Return every line of the records below verbatim, with no pictures in the copy.

:: Exercise inputs

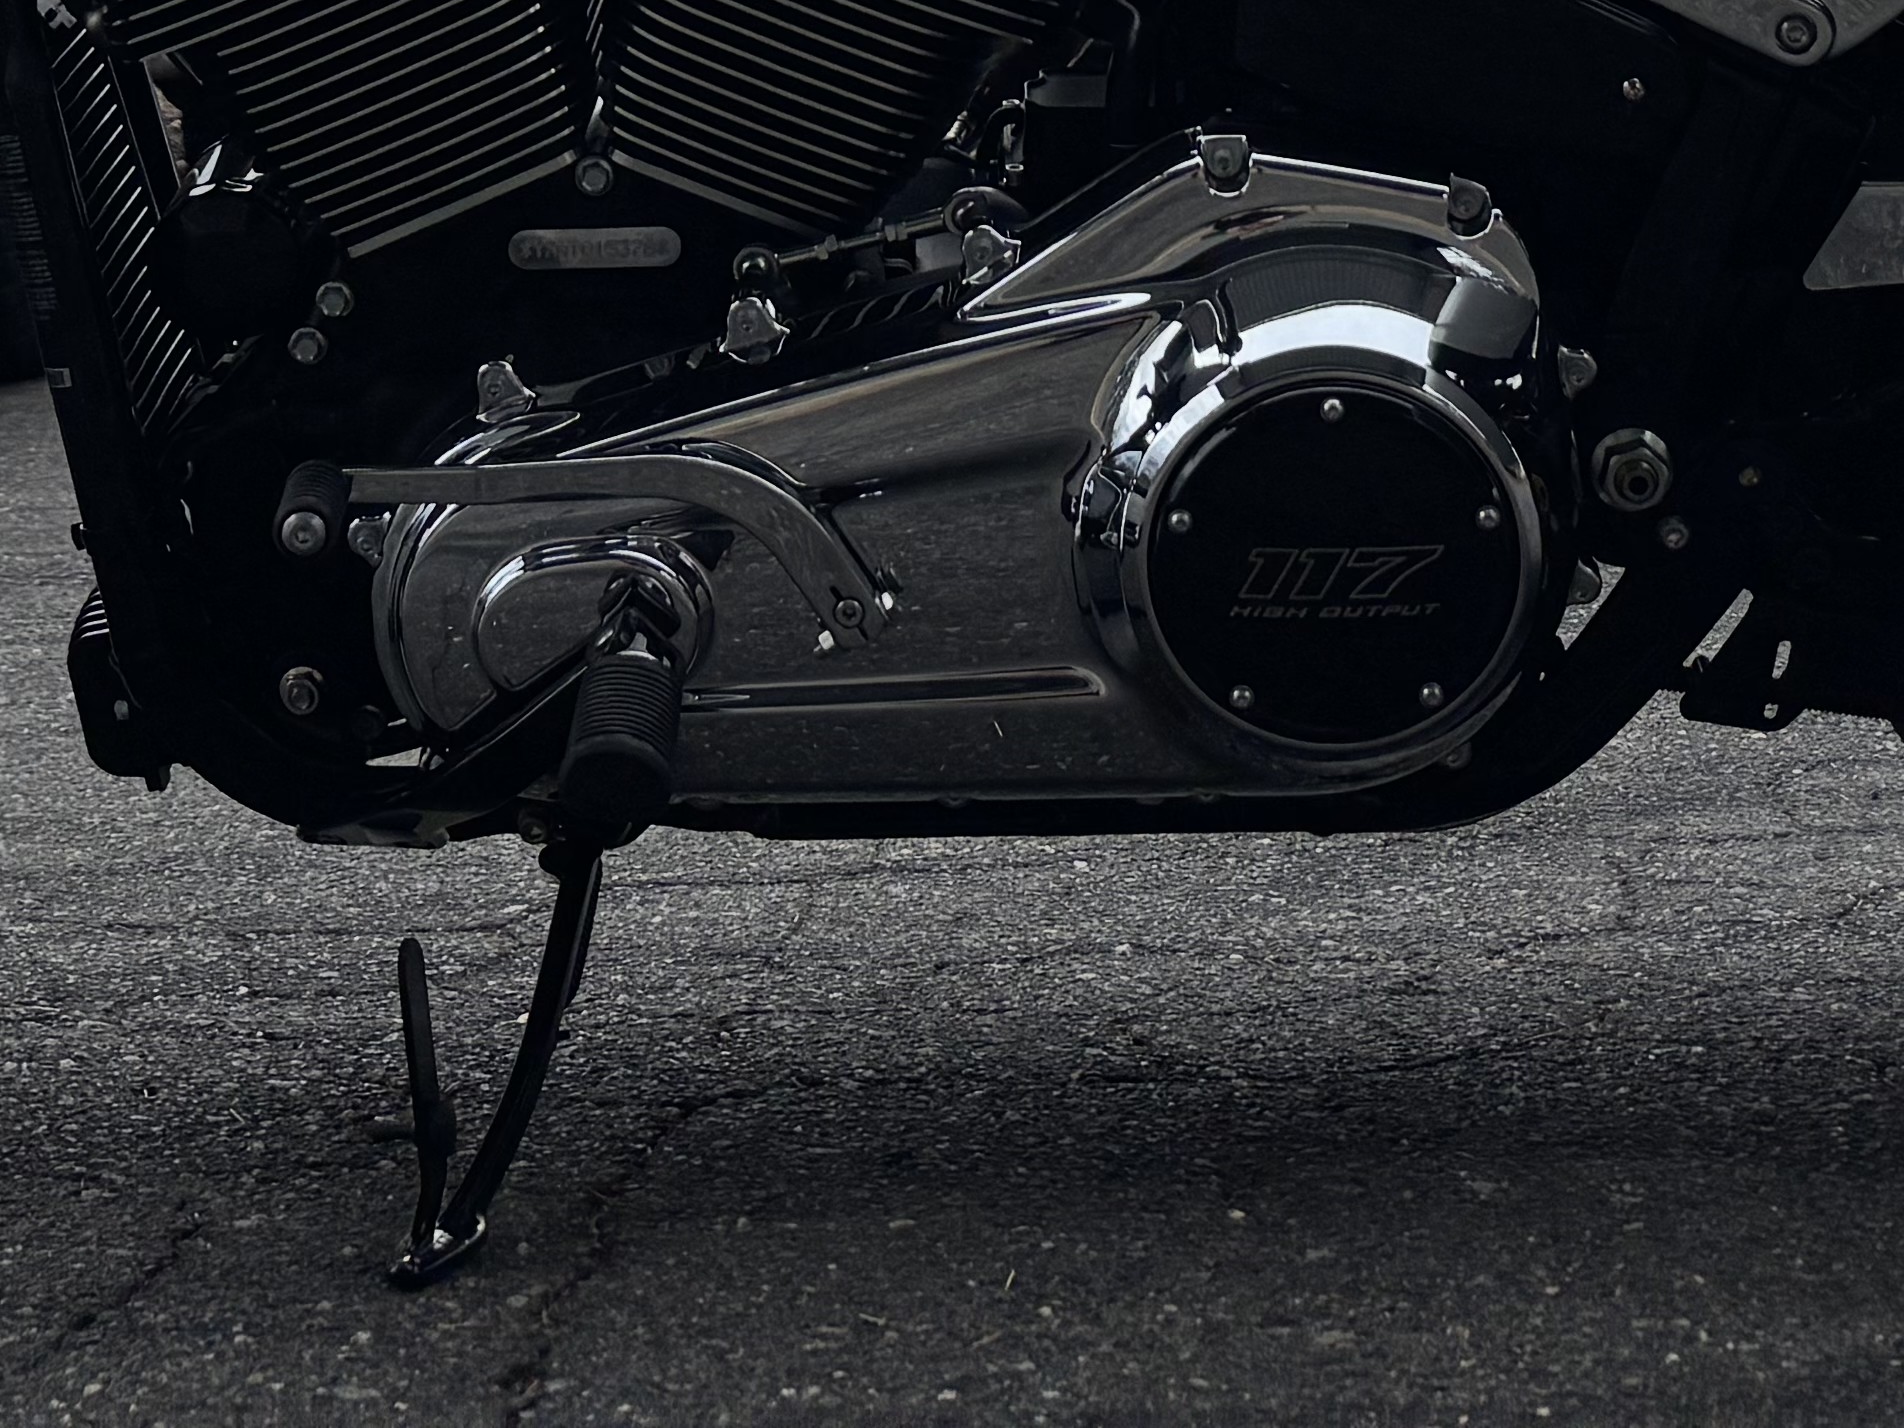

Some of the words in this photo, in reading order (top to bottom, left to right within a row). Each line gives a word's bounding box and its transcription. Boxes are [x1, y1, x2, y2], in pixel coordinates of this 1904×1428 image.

[1238, 545, 1445, 599] 117
[1229, 604, 1306, 618] HIGH
[1318, 603, 1441, 618] OUTPUT
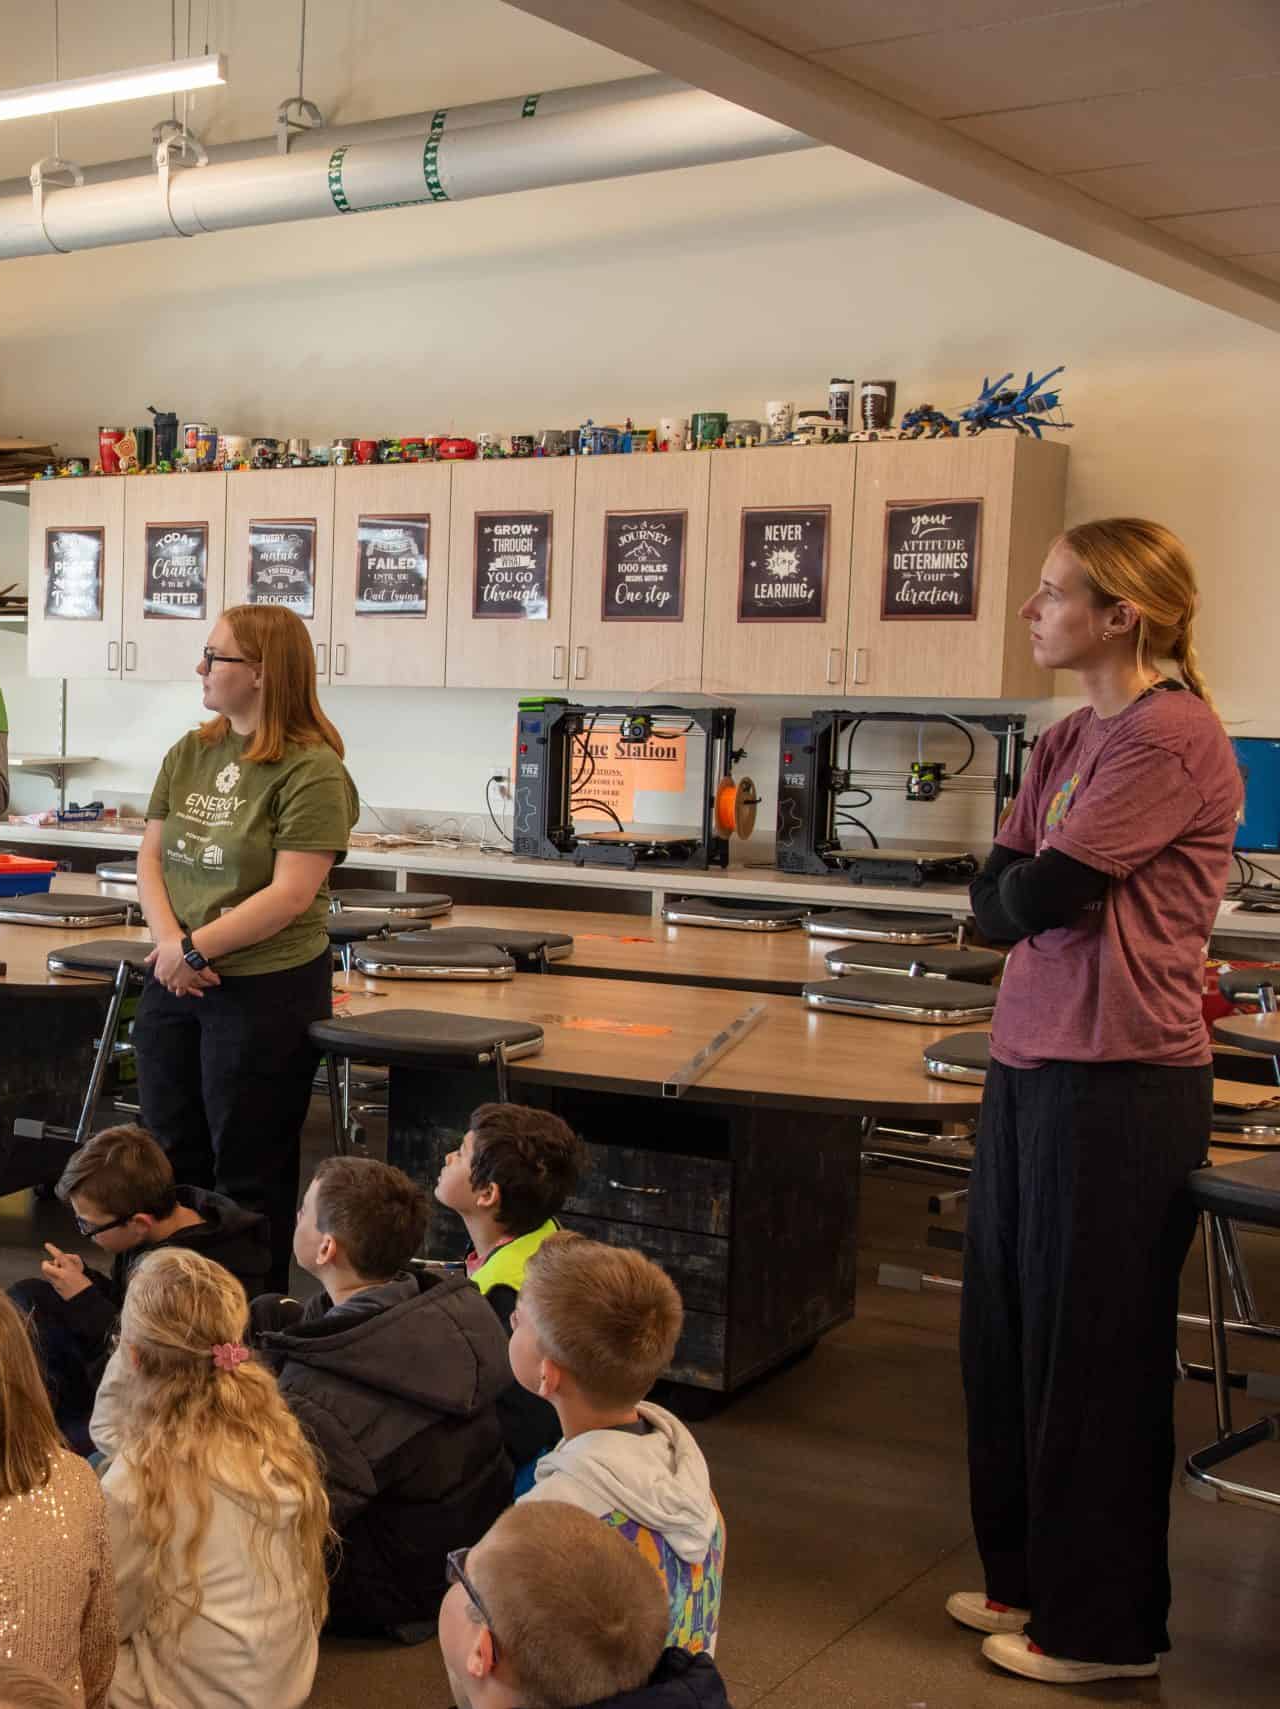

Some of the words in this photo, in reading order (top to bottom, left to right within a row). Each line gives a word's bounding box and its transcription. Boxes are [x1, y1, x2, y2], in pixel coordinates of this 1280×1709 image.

[494, 525, 532, 535] GROW
[911, 514, 952, 535] your
[617, 530, 672, 546] JOURNEY
[765, 525, 802, 541] NEVER
[492, 538, 533, 552] THROUGH
[900, 540, 965, 551] ATTITUDE
[152, 558, 201, 579] Chance
[367, 558, 416, 570] FAILED
[617, 564, 639, 573] 1000
[641, 564, 668, 573] MILES
[893, 552, 968, 570] DETERMINES
[487, 572, 512, 583] YOU
[515, 572, 533, 583] GO
[916, 571, 945, 581] Your
[152, 592, 198, 604] BETTER
[482, 584, 539, 605] through
[615, 583, 642, 604] One
[645, 585, 672, 608] step
[754, 583, 808, 599] LEARNING
[895, 580, 963, 605] direction
[256, 594, 304, 605] PROGRESS
[615, 742, 677, 758] Station
[185, 793, 247, 811] ENERGY
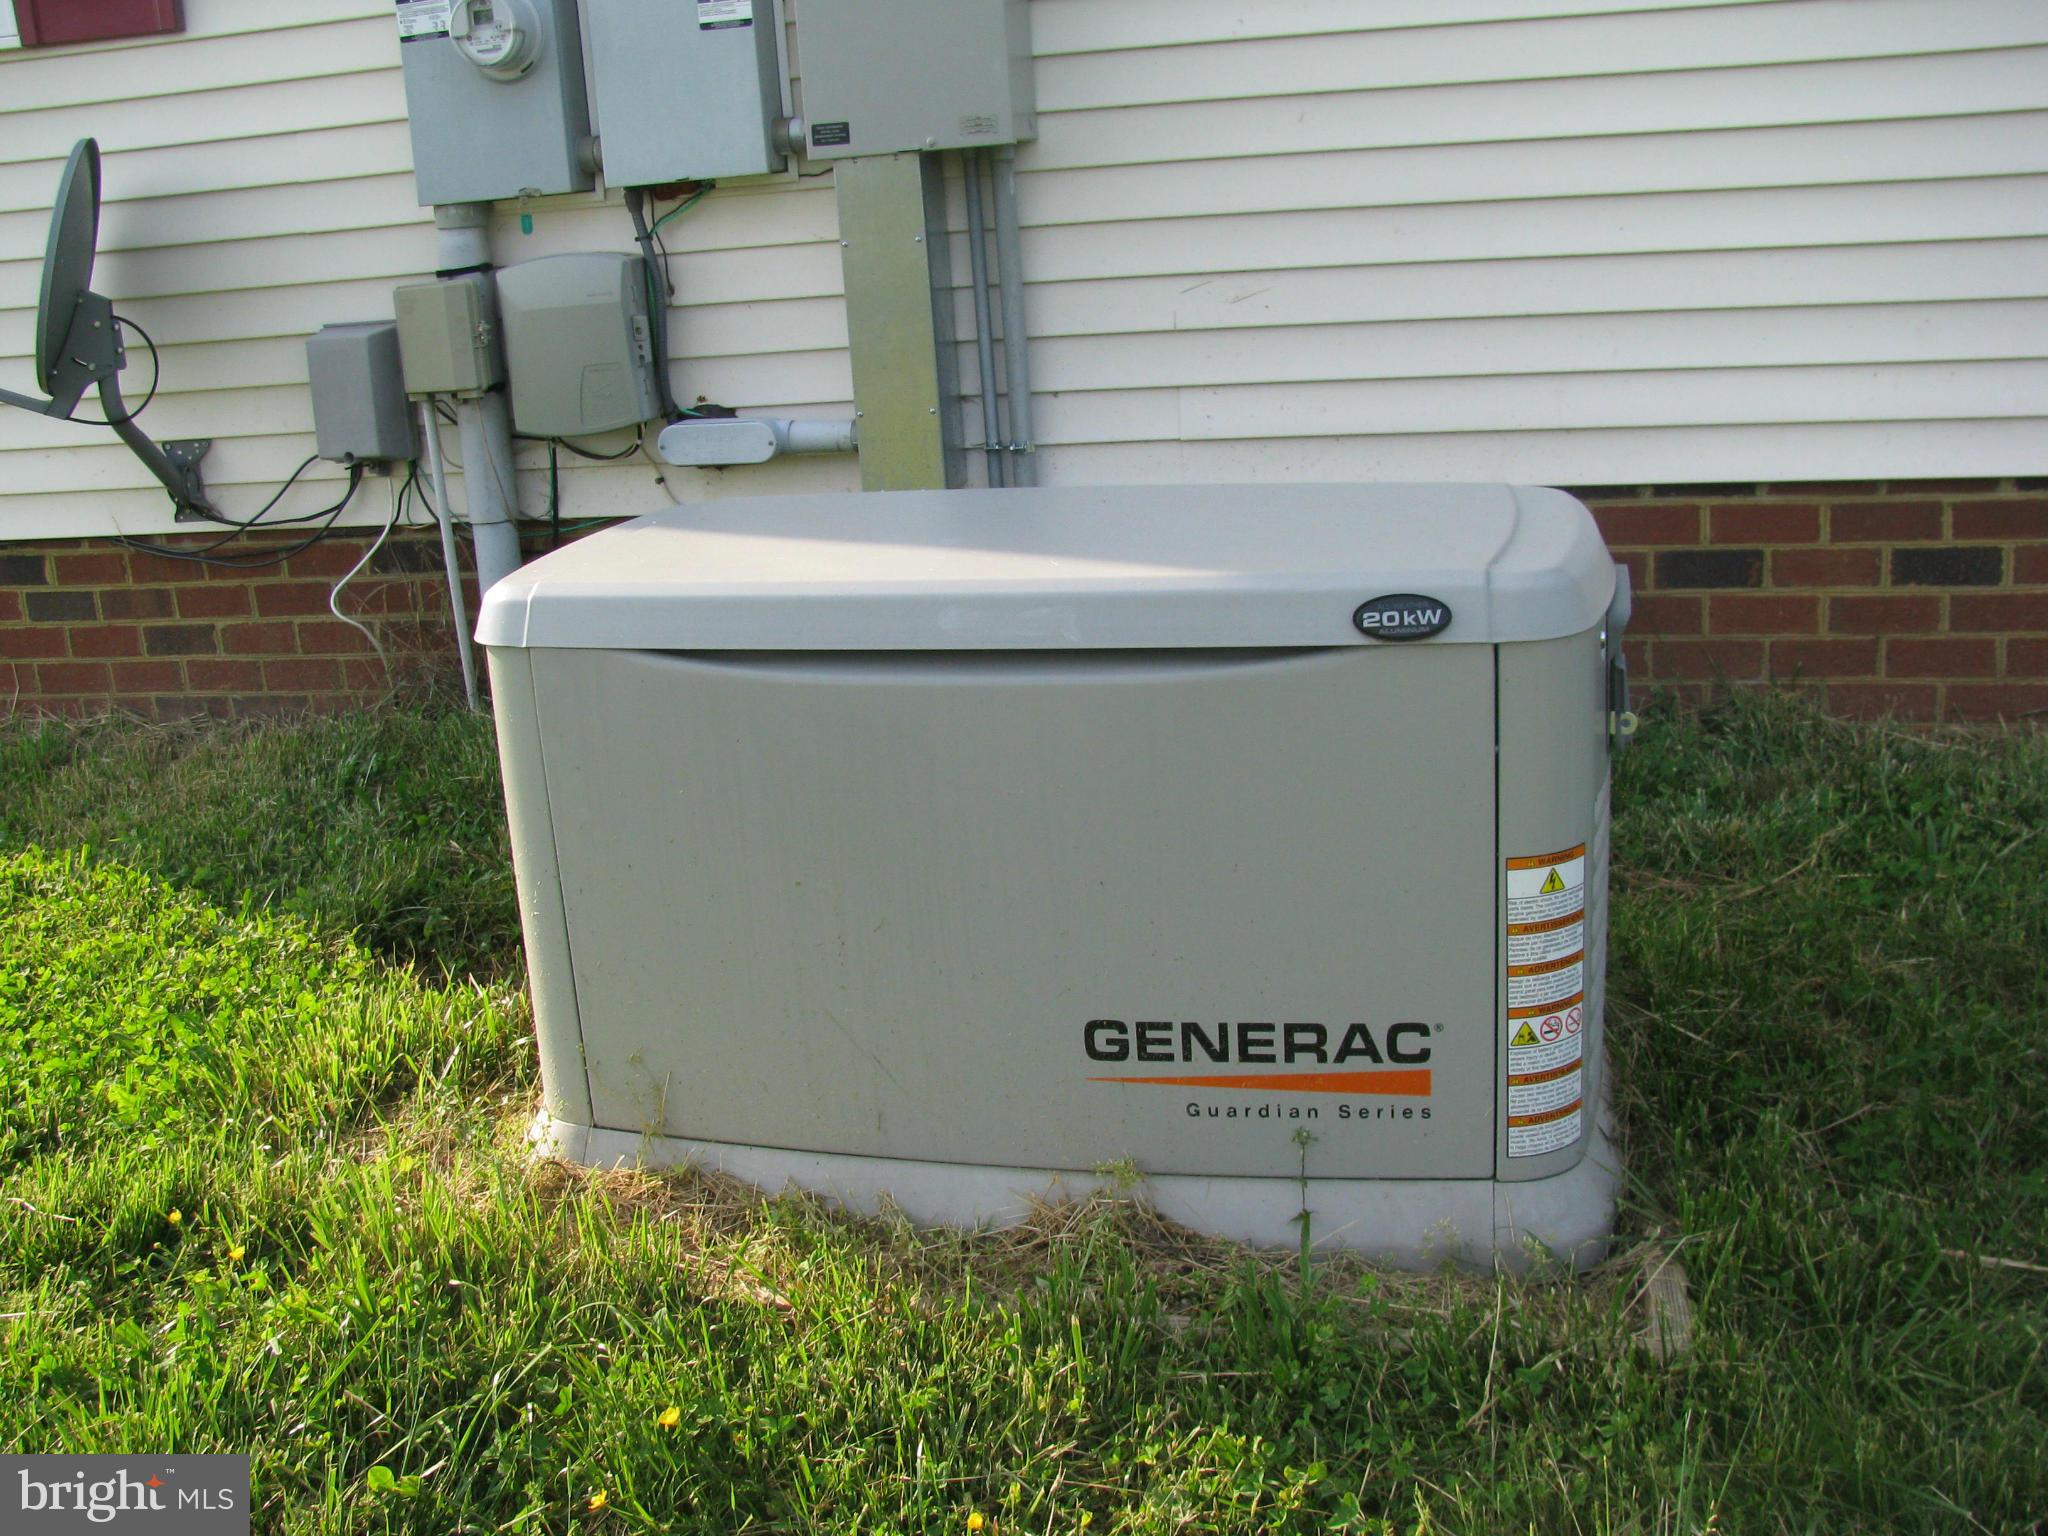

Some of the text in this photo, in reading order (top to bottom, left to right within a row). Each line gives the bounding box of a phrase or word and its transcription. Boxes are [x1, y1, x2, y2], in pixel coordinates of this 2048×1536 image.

[1185, 1102, 1433, 1120] Guardian Series
[1528, 1105, 1579, 1123] ADVERT

::::

Result:
Some of the words in this photo, in reading order (top to bottom, left to right within a row). Each line gives a word's bounding box and its transcription. Boxes are [x1, y1, x2, y2], in pixel coordinates of this 1904×1428 image.

[1238, 545, 1445, 599] 117
[1229, 604, 1306, 618] HIGH
[1318, 603, 1441, 618] OUTPUT

Some of the words in this photo, in reading order (top to bottom, left to right within a row). Each line gives a word's bounding box and its transcription. Boxes are [x1, y1, x2, y2], in pixel coordinates of this 1280×1709 image.

[494, 525, 532, 535] GROW
[911, 514, 952, 535] your
[617, 530, 672, 546] JOURNEY
[765, 525, 802, 541] NEVER
[492, 538, 533, 552] THROUGH
[900, 540, 965, 551] ATTITUDE
[152, 558, 201, 579] Chance
[367, 558, 416, 570] FAILED
[617, 564, 639, 573] 1000
[641, 564, 668, 573] MILES
[893, 552, 968, 570] DETERMINES
[487, 572, 512, 583] YOU
[515, 572, 533, 583] GO
[916, 571, 945, 581] Your
[152, 592, 198, 604] BETTER
[482, 584, 539, 605] through
[615, 583, 642, 604] One
[645, 585, 672, 608] step
[754, 583, 808, 599] LEARNING
[895, 580, 963, 605] direction
[256, 594, 304, 605] PROGRESS
[615, 742, 677, 758] Station
[185, 793, 247, 811] ENERGY

Some of the text in this photo, in reading order (top to bottom, left to right within a row). Each line gives the bounding box of a phrase or word and its transcription. Boxes are [x1, y1, x2, y2], in pixel coordinates of this 2048×1536 image.

[1185, 1102, 1433, 1120] Guardian Series
[1528, 1105, 1579, 1123] ADVERT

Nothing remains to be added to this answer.